Battle of the Ages was an American television program originally broadcast on the DuMont Television Network and later CBS.

DuMont version 
It was a prime time game show/talent contest which pitted children against adult celebrities. Whichever team won would have their winnings donated to either the Professional Children's School (the kids) or the Actors' Fund of America (the adults). The DuMont version ran from January 1 to July 17, 1952, and was hosted by John Reed King.

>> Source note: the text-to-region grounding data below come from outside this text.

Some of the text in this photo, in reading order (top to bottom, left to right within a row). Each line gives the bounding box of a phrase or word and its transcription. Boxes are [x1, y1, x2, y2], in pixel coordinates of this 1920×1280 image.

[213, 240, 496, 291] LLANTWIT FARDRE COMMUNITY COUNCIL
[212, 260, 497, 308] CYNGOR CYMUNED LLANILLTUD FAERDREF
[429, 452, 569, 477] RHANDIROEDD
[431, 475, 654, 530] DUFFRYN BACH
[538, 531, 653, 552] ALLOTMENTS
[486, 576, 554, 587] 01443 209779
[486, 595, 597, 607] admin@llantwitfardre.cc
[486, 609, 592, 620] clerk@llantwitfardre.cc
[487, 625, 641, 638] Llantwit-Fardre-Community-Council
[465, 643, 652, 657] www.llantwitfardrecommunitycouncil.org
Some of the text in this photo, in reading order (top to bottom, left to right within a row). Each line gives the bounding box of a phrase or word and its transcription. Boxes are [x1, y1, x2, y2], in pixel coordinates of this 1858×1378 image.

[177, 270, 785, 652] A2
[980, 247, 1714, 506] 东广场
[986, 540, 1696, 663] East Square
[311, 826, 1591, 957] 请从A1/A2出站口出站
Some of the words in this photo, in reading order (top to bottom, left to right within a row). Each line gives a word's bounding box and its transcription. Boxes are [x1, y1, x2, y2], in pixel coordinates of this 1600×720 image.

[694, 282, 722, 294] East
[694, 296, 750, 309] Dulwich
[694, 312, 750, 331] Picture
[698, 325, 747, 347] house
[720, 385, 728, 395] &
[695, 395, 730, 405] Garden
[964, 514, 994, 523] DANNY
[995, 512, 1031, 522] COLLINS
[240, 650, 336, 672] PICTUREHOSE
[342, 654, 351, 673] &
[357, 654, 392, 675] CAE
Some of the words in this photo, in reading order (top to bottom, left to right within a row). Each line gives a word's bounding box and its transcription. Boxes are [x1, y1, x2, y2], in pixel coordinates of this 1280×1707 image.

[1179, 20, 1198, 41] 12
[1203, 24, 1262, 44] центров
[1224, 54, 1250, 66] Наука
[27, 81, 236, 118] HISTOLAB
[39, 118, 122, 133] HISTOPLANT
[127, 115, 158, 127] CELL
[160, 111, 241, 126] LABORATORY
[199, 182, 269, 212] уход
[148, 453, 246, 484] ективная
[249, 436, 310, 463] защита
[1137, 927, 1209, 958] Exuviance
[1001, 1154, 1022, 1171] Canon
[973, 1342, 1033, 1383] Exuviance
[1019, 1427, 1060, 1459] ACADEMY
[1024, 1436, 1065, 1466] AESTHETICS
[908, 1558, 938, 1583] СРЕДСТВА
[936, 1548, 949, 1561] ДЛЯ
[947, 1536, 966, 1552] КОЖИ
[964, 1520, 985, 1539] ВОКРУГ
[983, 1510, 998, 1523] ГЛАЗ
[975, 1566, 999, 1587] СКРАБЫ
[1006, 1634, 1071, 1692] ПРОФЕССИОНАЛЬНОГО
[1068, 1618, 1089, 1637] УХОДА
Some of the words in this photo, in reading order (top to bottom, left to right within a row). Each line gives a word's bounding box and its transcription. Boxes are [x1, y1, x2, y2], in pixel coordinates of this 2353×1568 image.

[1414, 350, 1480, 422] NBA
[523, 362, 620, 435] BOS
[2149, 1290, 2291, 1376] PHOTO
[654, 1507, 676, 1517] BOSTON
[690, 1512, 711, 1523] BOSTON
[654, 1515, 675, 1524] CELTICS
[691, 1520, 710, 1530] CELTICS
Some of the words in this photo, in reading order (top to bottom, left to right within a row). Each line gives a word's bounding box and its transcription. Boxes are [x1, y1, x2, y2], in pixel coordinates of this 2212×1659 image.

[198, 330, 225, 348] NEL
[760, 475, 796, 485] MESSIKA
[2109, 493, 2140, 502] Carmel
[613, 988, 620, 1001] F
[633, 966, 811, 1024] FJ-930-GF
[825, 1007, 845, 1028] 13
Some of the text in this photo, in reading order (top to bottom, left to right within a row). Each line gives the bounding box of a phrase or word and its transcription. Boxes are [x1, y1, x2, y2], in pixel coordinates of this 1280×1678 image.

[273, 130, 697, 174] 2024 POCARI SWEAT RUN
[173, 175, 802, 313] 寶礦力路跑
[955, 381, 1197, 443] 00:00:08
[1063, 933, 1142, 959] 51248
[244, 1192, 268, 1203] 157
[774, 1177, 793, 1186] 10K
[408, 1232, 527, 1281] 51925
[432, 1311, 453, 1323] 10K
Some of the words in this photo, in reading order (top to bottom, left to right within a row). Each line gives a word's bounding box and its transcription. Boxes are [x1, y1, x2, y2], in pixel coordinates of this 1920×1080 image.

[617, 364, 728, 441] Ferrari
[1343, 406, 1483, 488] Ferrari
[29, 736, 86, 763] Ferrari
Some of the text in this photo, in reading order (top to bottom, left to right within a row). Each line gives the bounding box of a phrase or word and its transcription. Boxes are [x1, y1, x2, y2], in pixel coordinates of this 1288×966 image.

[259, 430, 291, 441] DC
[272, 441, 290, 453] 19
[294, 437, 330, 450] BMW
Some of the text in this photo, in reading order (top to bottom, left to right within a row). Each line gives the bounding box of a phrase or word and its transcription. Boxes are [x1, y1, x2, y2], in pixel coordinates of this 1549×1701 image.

Competitors included The Charioteers and Henny Youngman.

CBS version 
The series was then aired by CBS on Saturdays at 10:30pm ET beginning on September 6, 1952. The age division for team members was 35, and it was hosted by Morey Amsterdam. Members of the two teams participated in "song, dance, comedy and instrumental competition", with the winning team determined by applause of the audience. It ended on November 29, 1952.

This version originated live at WCBS-TV with Serutan as the sponsor. Norman S. Livingston was the producer, Andrew McCullough was the director, and Milton DeLugg directed the music.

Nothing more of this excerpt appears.